▶ _Required work_: Keep the pictures out of the copy and print all the entries below exactly.

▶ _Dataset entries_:
··········

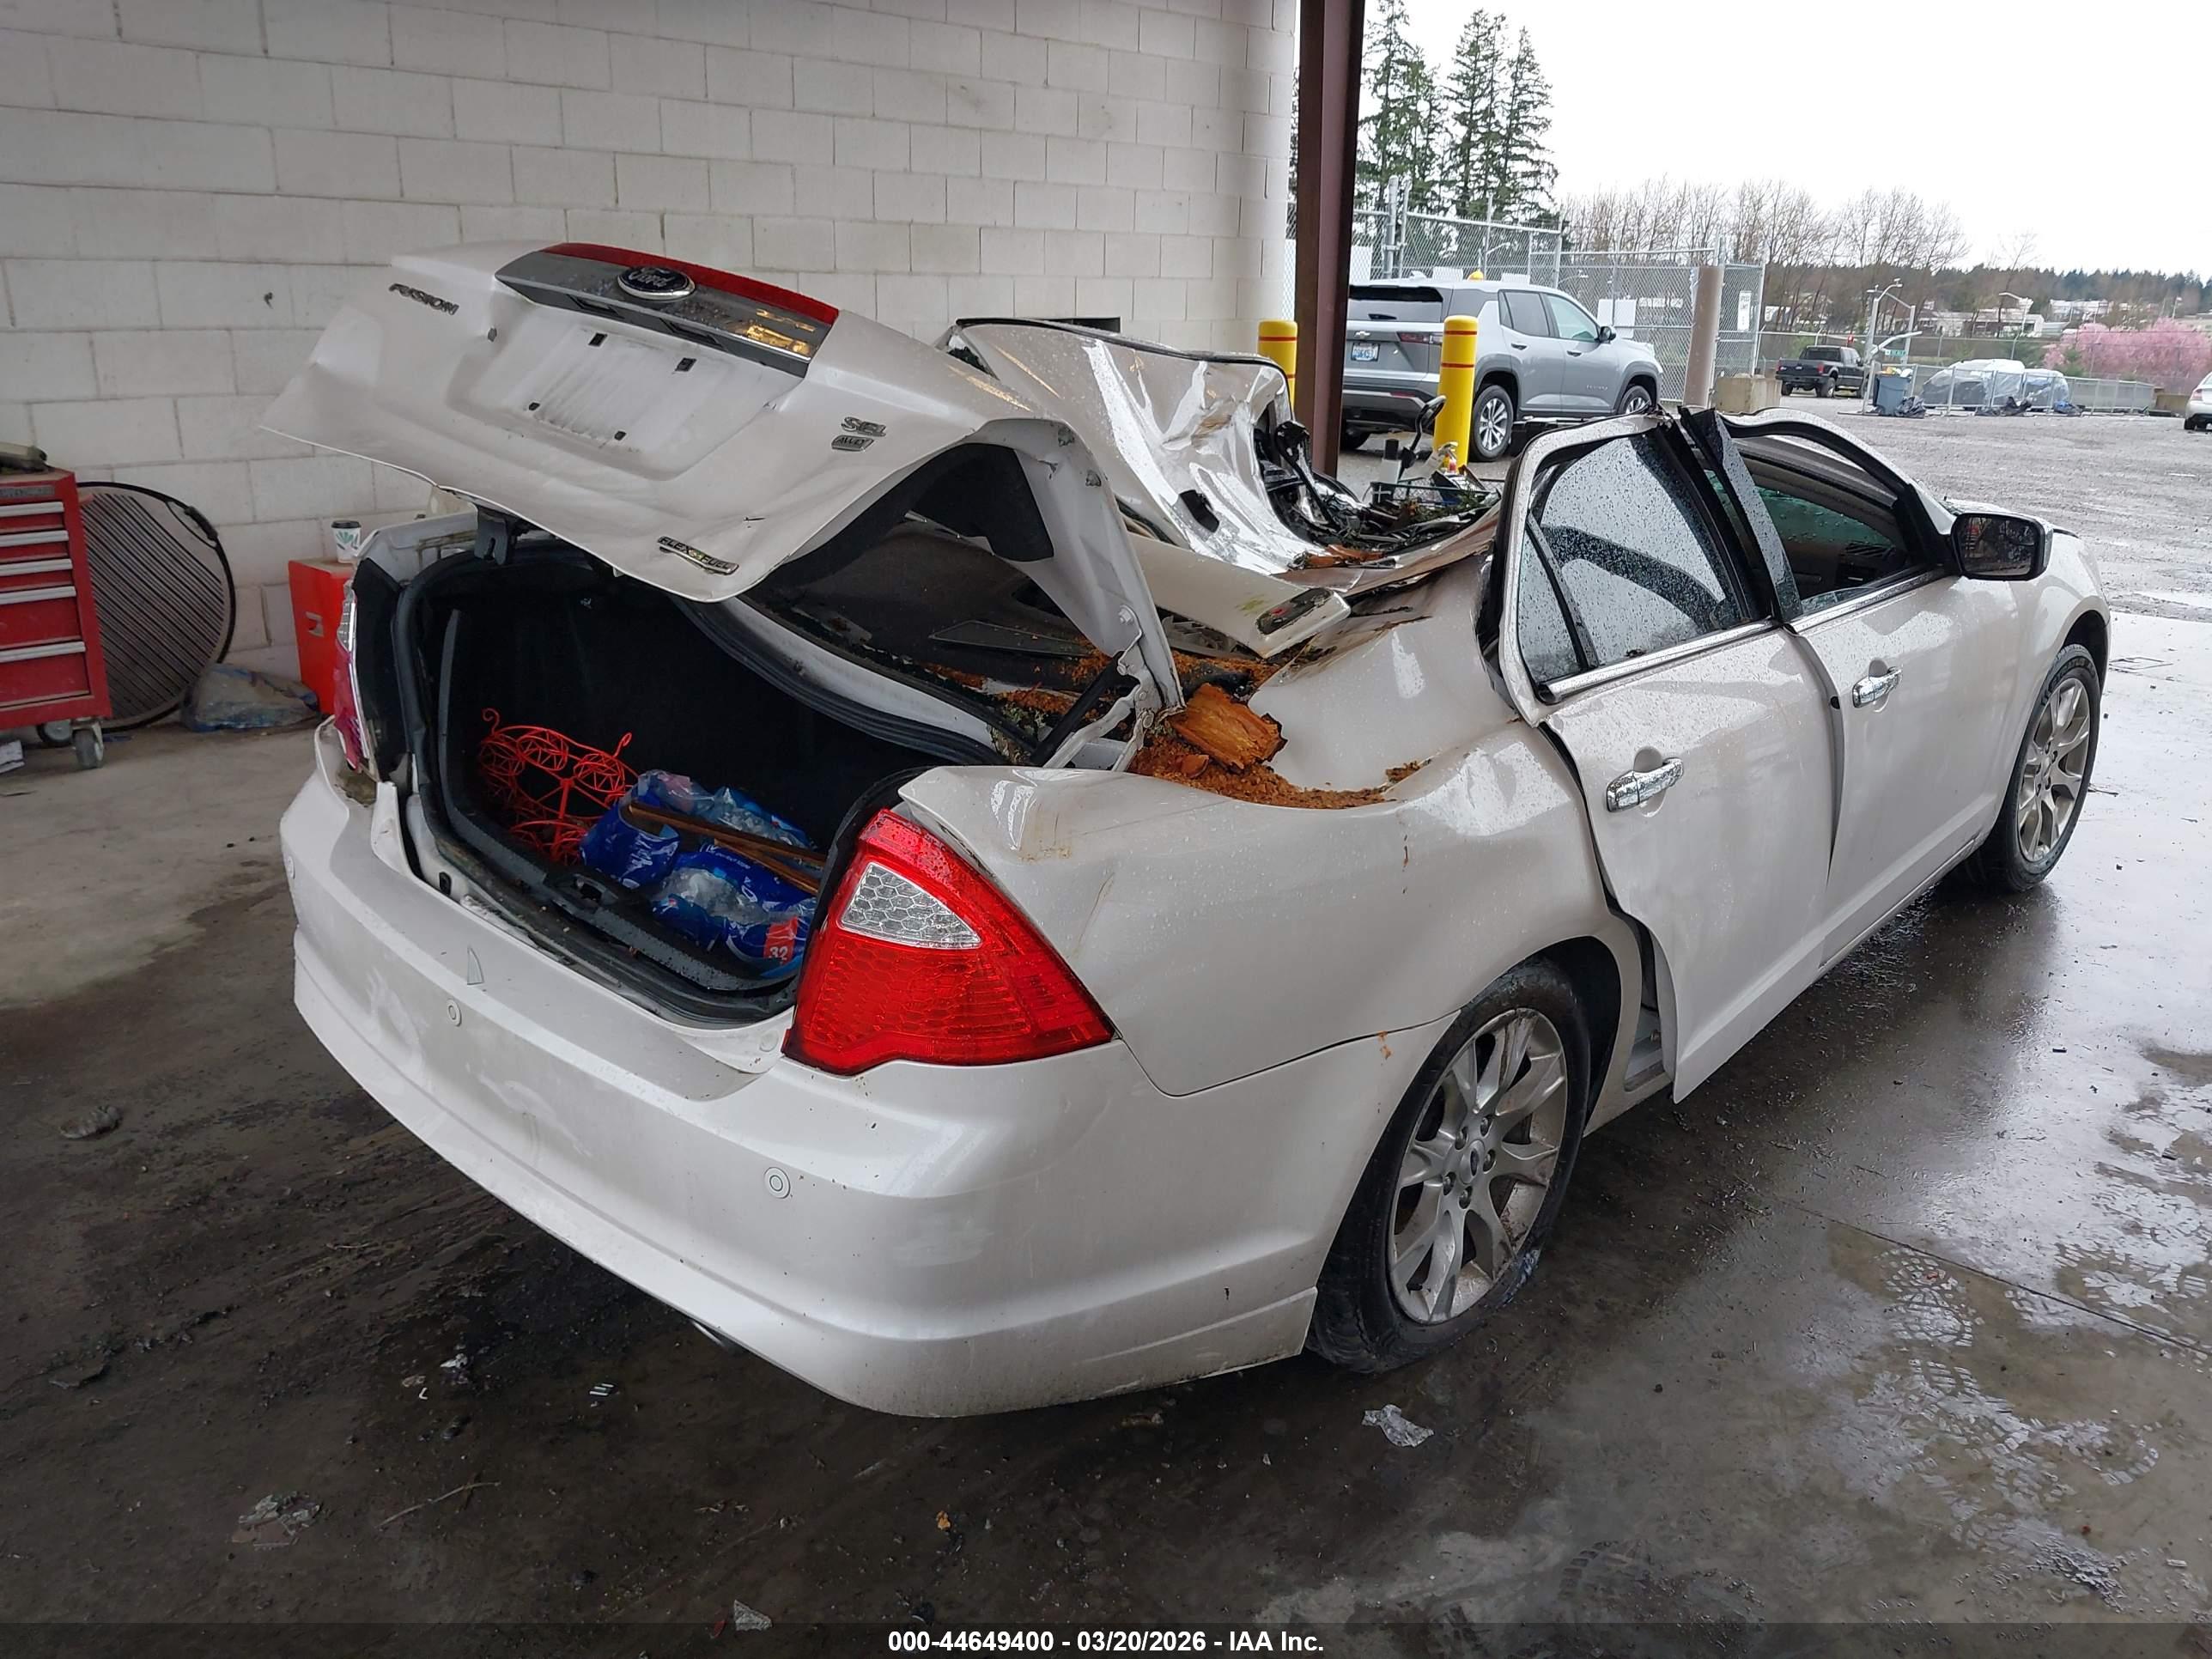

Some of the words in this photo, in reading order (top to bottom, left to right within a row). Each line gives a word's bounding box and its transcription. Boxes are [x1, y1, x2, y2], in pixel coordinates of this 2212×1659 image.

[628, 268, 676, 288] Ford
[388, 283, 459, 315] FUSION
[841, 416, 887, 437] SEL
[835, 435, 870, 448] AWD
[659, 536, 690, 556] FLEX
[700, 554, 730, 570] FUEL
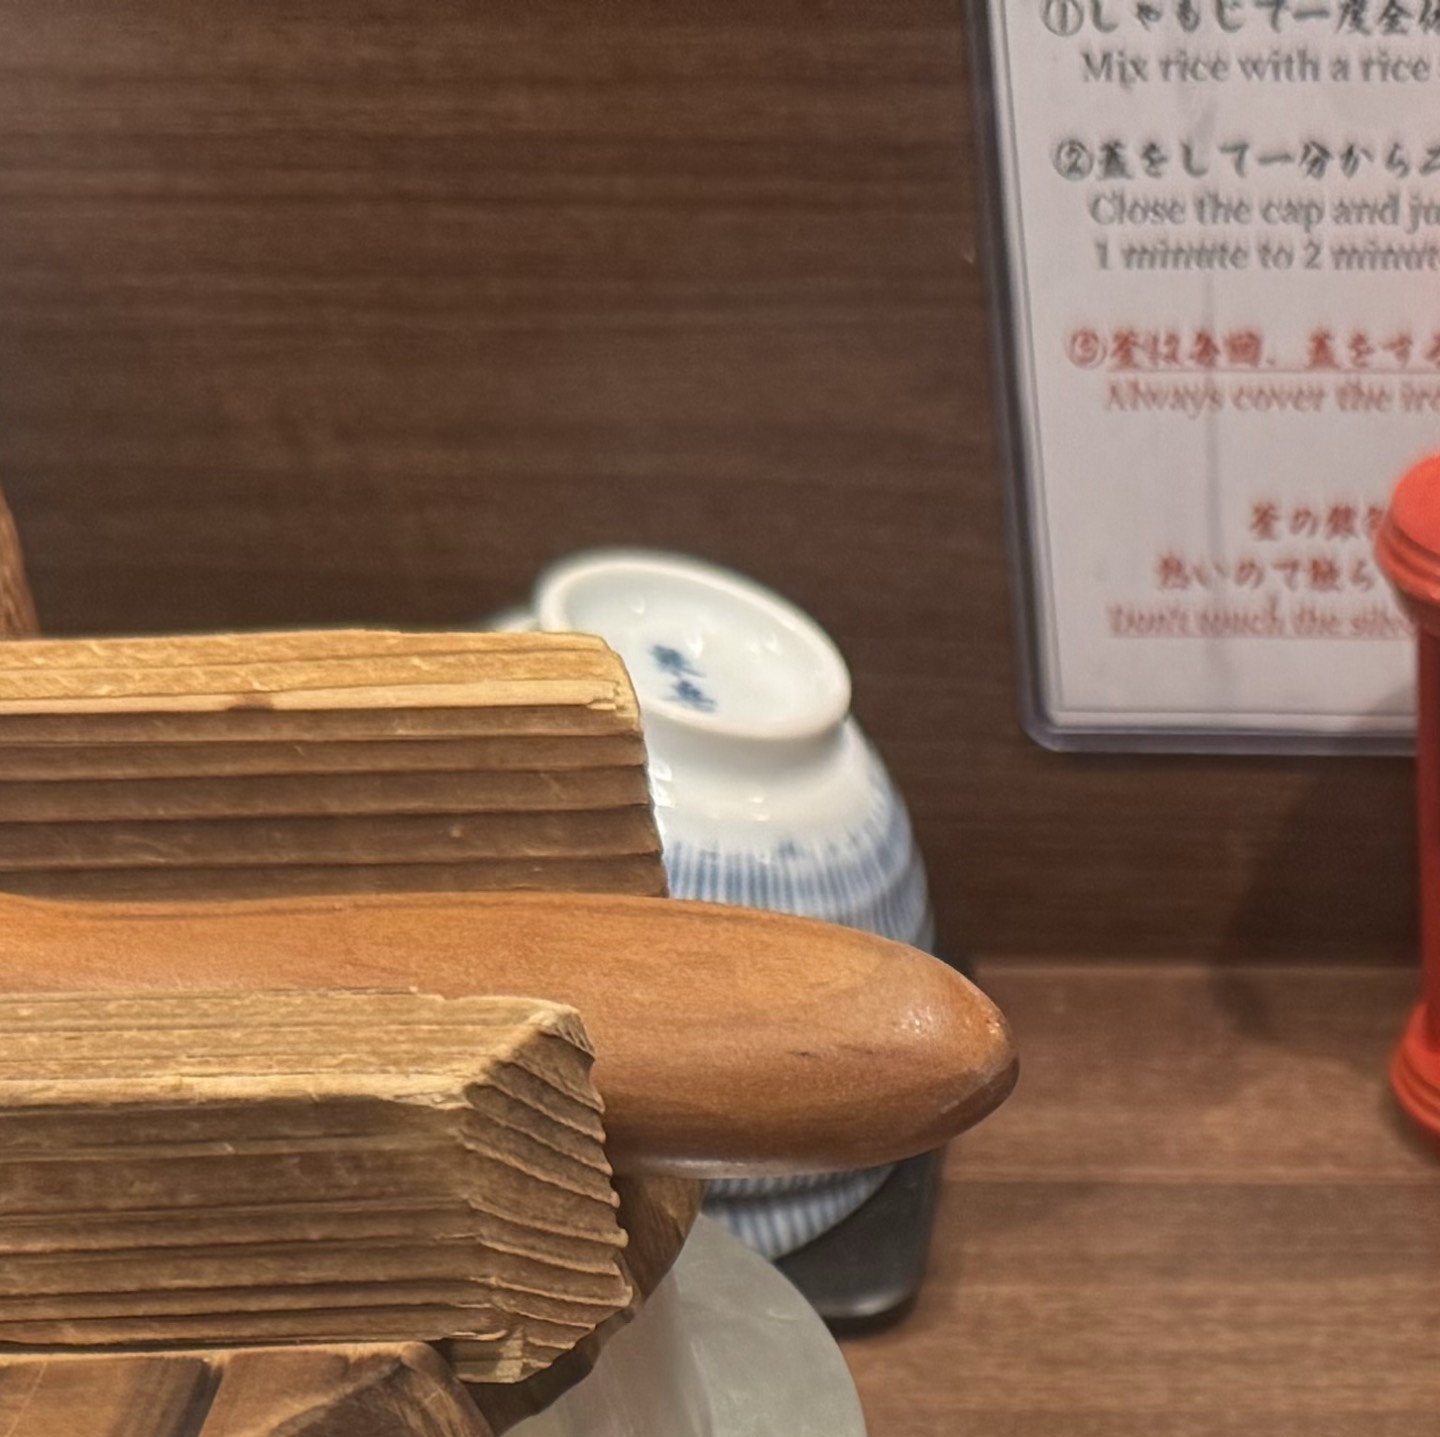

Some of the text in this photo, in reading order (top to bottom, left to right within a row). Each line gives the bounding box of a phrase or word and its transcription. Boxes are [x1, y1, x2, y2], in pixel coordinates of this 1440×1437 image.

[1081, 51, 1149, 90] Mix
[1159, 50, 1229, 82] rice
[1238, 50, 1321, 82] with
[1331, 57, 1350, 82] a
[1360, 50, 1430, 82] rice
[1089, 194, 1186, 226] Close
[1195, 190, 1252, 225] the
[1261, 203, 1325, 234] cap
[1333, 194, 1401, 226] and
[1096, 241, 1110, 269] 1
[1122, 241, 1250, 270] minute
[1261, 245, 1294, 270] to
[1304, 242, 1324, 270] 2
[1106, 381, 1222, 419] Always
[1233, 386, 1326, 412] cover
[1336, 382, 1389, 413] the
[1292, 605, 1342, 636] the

··········

▶ _Answer area_:
Some of the words in this photo, in reading order (top to bottom, left to right within a row). Each line gives a word's bounding box and its transcription. Boxes are [x1, y1, x2, y2], in pixel coordinates of this 2212×1659 image.

[628, 268, 676, 288] Ford
[388, 283, 459, 315] FUSION
[841, 416, 887, 437] SEL
[835, 435, 870, 448] AWD
[659, 536, 690, 556] FLEX
[700, 554, 730, 570] FUEL

Some of the text in this photo, in reading order (top to bottom, left to right within a row). Each line gives the bounding box of a phrase or word and its transcription. Boxes are [x1, y1, x2, y2], in pixel coordinates of this 1440×1437 image.

[1081, 51, 1149, 90] Mix
[1159, 50, 1229, 82] rice
[1238, 50, 1321, 82] with
[1331, 57, 1350, 82] a
[1360, 50, 1430, 82] rice
[1089, 194, 1186, 226] Close
[1195, 190, 1252, 225] the
[1261, 203, 1325, 234] cap
[1333, 194, 1401, 226] and
[1096, 241, 1110, 269] 1
[1122, 241, 1250, 270] minute
[1261, 245, 1294, 270] to
[1304, 242, 1324, 270] 2
[1106, 381, 1222, 419] Always
[1233, 386, 1326, 412] cover
[1336, 382, 1389, 413] the
[1292, 605, 1342, 636] the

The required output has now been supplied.